Toutes les violations commises lors de l'expulsion de gylènes, selon le médiateur

Après les premières enquêtes, le Médiateur, Hilmi Jashari, a déclaré avoir constaté de nombreuses violations dans le processus d'expulsion de six citoyens turcs. Selon lui, expulser “Gylénistes” sans les placer devant les tribunaux était la première violation. Dans “Express Interview” sur KTV, Jashari a dit que même si le tribunal devait décider [...]

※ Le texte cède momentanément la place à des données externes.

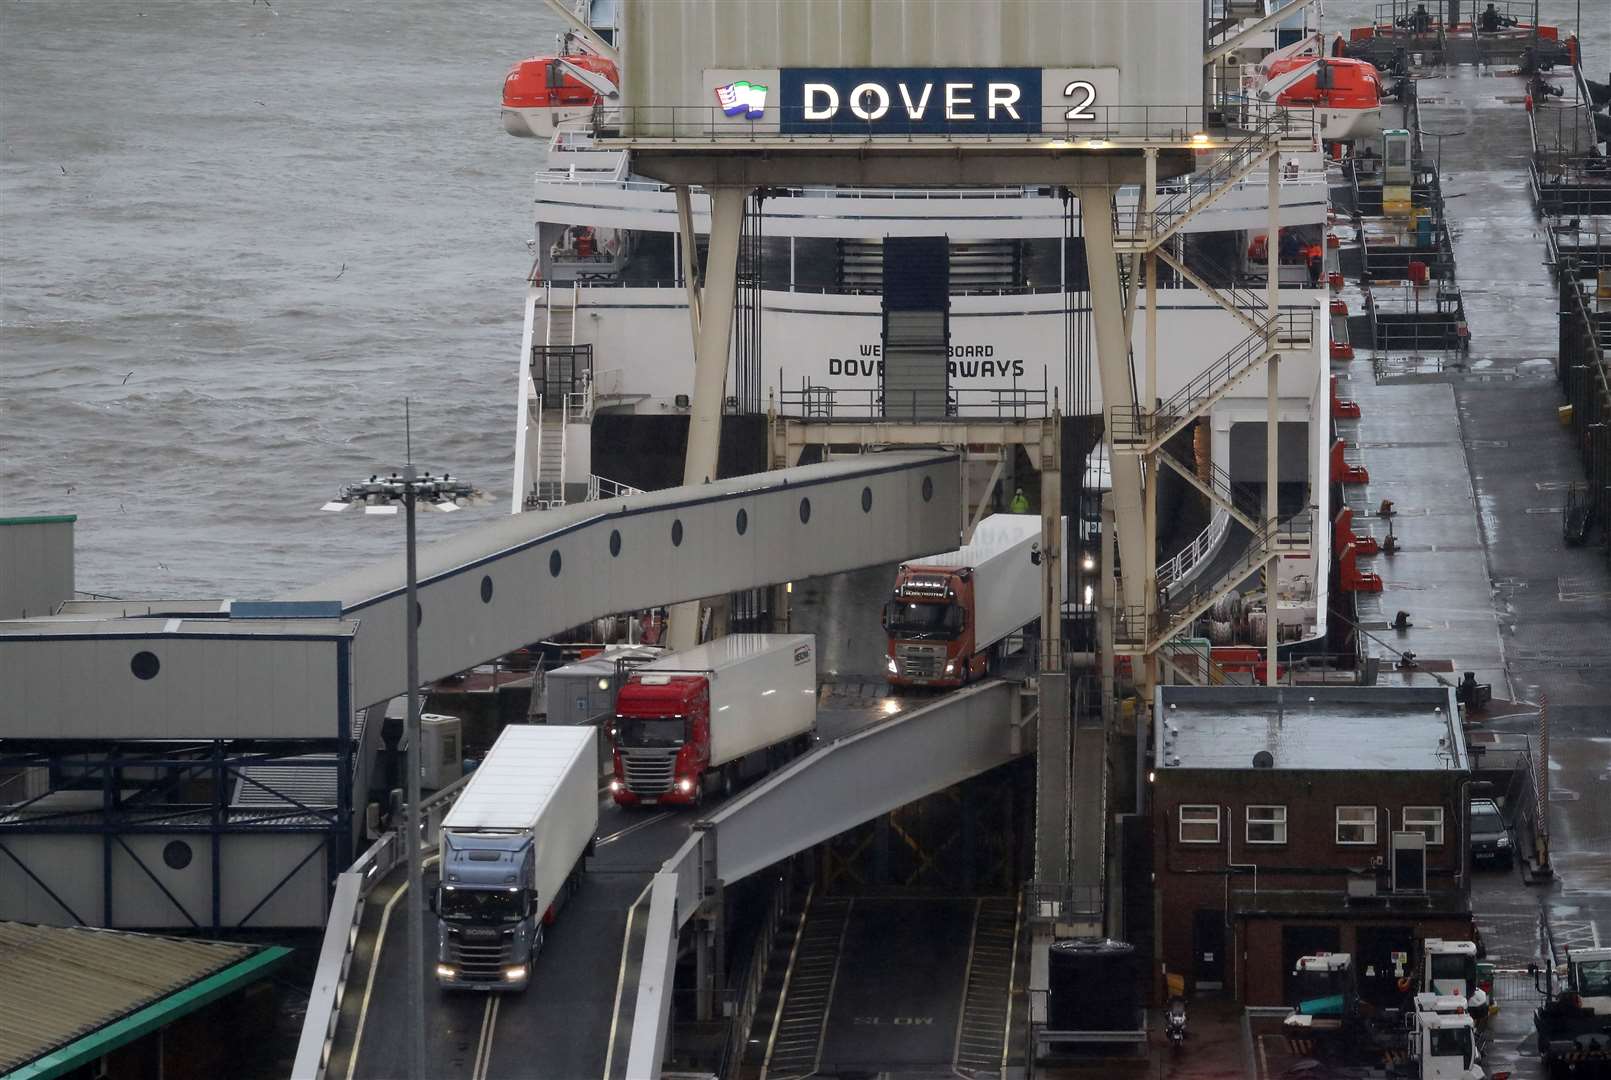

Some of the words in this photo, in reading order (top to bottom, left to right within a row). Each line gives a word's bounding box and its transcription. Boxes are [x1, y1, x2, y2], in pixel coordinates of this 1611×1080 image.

[803, 82, 1022, 120] DOVER
[1063, 80, 1097, 121] 2
[853, 1016, 935, 1026] SLOW

Après les premières enquêtes, le Médiateur, Hilmi Jashari, a déclaré avoir constaté de nombreuses violations dans le processus d'expulsion de six citoyens turcs.
Selon lui, expulser “Gylénistes” sans les placer devant les tribunaux était la première violation. Dans “Express Intervisten” sur KTV, Jashari a dit que même si le tribunal devait décider de l'expulsion, le Kosovo devrait tenir compte des décisions des tribunaux internationaux, qui ont exprimé contre ces expulsions.
Quoi qu'il en soit, dans une telle procédure, lorsqu'une personne est accusée de menacer la sécurité, elle doit comparaître devant les tribunaux. Qu'il y ait intérêt ou raison d'expulser quelqu'un, après une procédure judiciaire normale, il est jugé expulsé ou non. Si la décision judiciaire est prise de chasser une personne, il devrait y avoir confiance que le rejet n'est pas attendu dans certains dangers dans le pays hôte. La Cour internationale de Justice a constaté qu'en Turquie il y avait un danger pour les parias, et il a fallu en tenir compte. Il est considéré comme une violation lorsqu'il retourne au site où il y a un risque de mauvais traitement humain”, Jashari a indiqué.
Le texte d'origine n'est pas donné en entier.